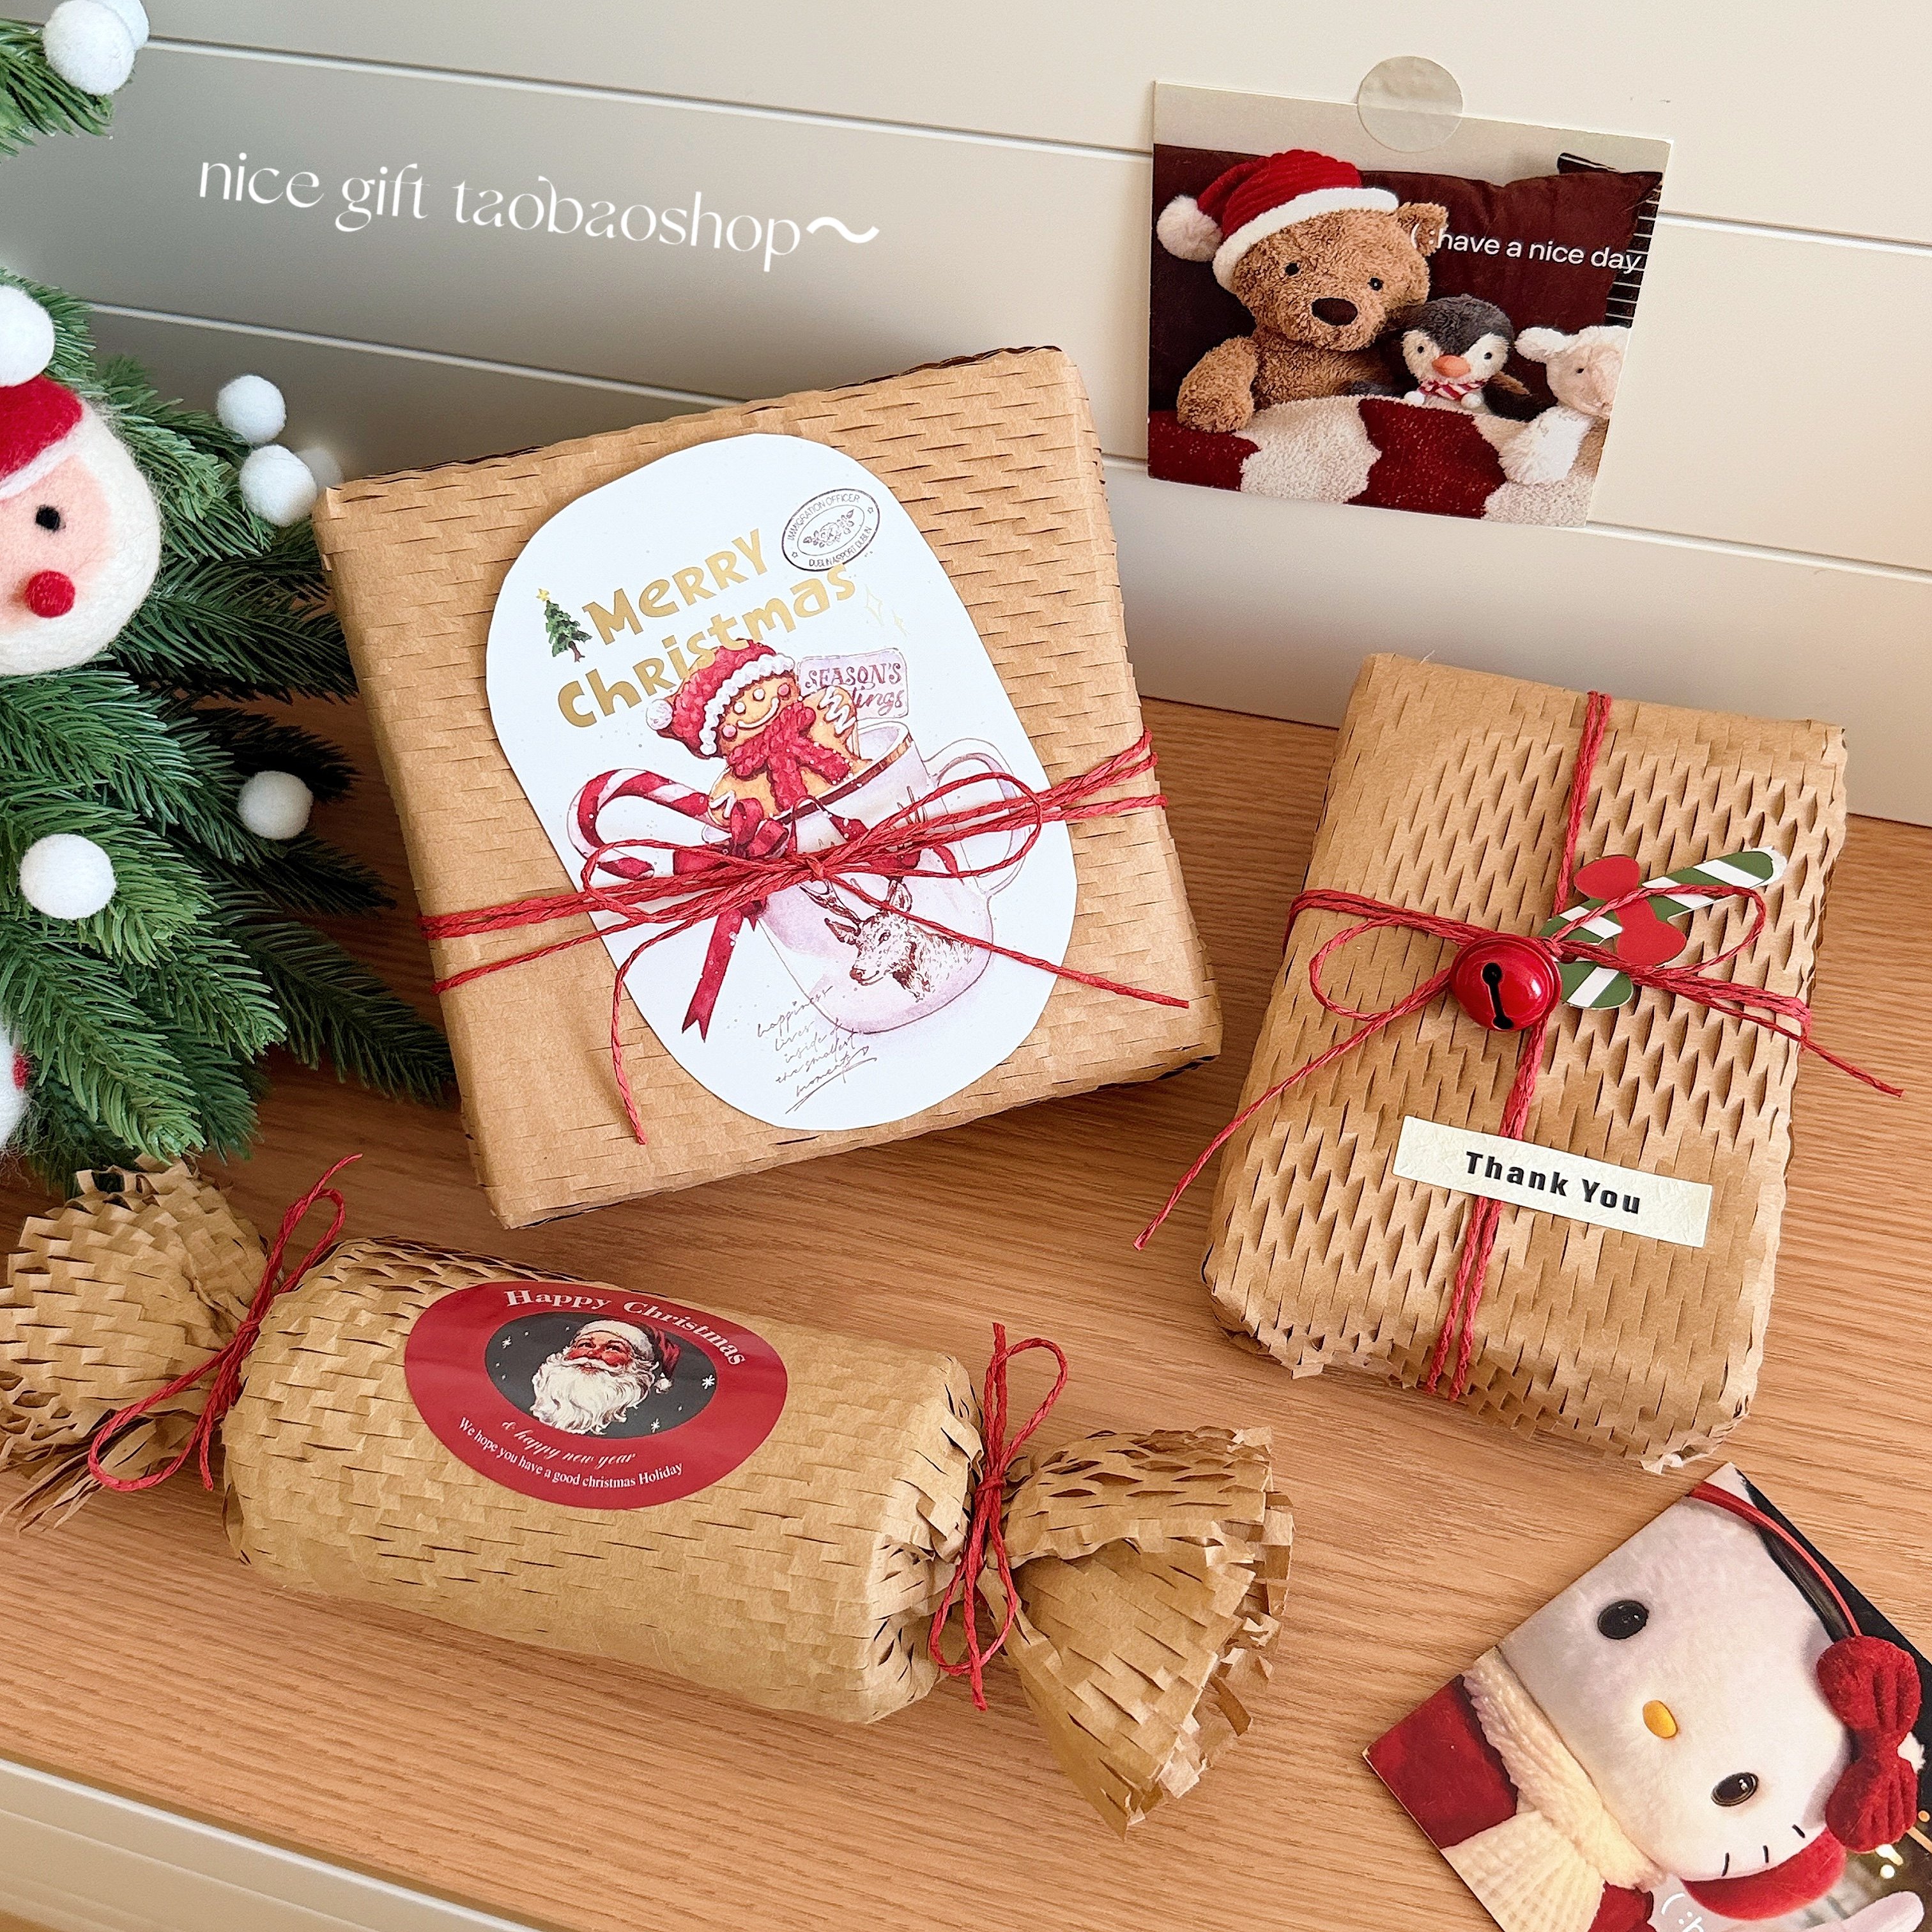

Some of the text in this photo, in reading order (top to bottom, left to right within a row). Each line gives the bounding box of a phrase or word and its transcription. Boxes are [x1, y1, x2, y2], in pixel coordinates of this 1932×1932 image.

[1505, 241, 1522, 259] a
[1528, 240, 1584, 265] nice
[1590, 247, 1644, 275] day
[825, 493, 861, 507] OFFICER
[805, 662, 901, 689] SEASON'S
[1465, 1150, 1641, 1215] Thank You
[503, 1289, 747, 1366] Happy Christmas
[459, 1416, 683, 1488] We hope you have a good christmas Holiday
[514, 1429, 562, 1460] happy
[562, 1452, 595, 1464] new
[594, 1453, 637, 1470] year
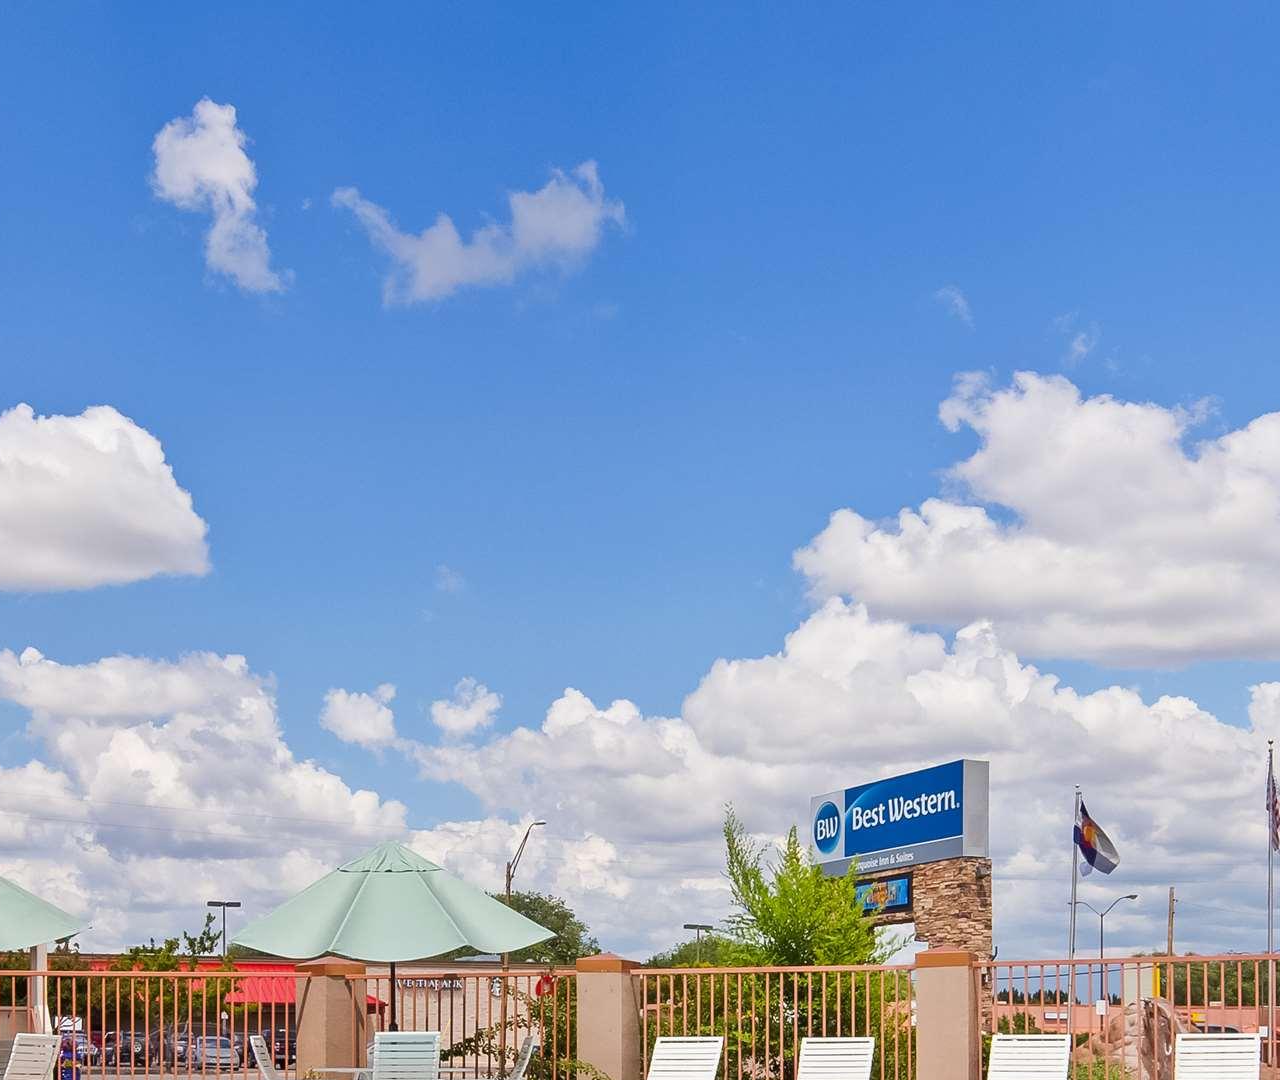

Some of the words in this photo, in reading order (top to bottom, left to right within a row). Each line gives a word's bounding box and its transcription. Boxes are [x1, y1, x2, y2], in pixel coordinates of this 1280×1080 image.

########################################

About this task:
Without including any pictures, print each record exactly.

Reply to the exercise:
Some of the text in this photo, in reading order (top to bottom, left to right within a row). Each line gives the bounding box of a phrase or word and its transcription. Boxes are [x1, y1, x2, y2], in pixel coordinates of this 1932×1932 image.

[1505, 241, 1522, 259] a
[1528, 240, 1584, 265] nice
[1590, 247, 1644, 275] day
[825, 493, 861, 507] OFFICER
[805, 662, 901, 689] SEASON'S
[1465, 1150, 1641, 1215] Thank You
[503, 1289, 747, 1366] Happy Christmas
[459, 1416, 683, 1488] We hope you have a good christmas Holiday
[514, 1429, 562, 1460] happy
[562, 1452, 595, 1464] new
[594, 1453, 637, 1470] year

Some of the words in this photo, in reading order (top to bottom, left to right within a row). Each line gives a word's bounding box and its transcription. Boxes are [x1, y1, x2, y2], in pixel coordinates of this 1280×1080 image.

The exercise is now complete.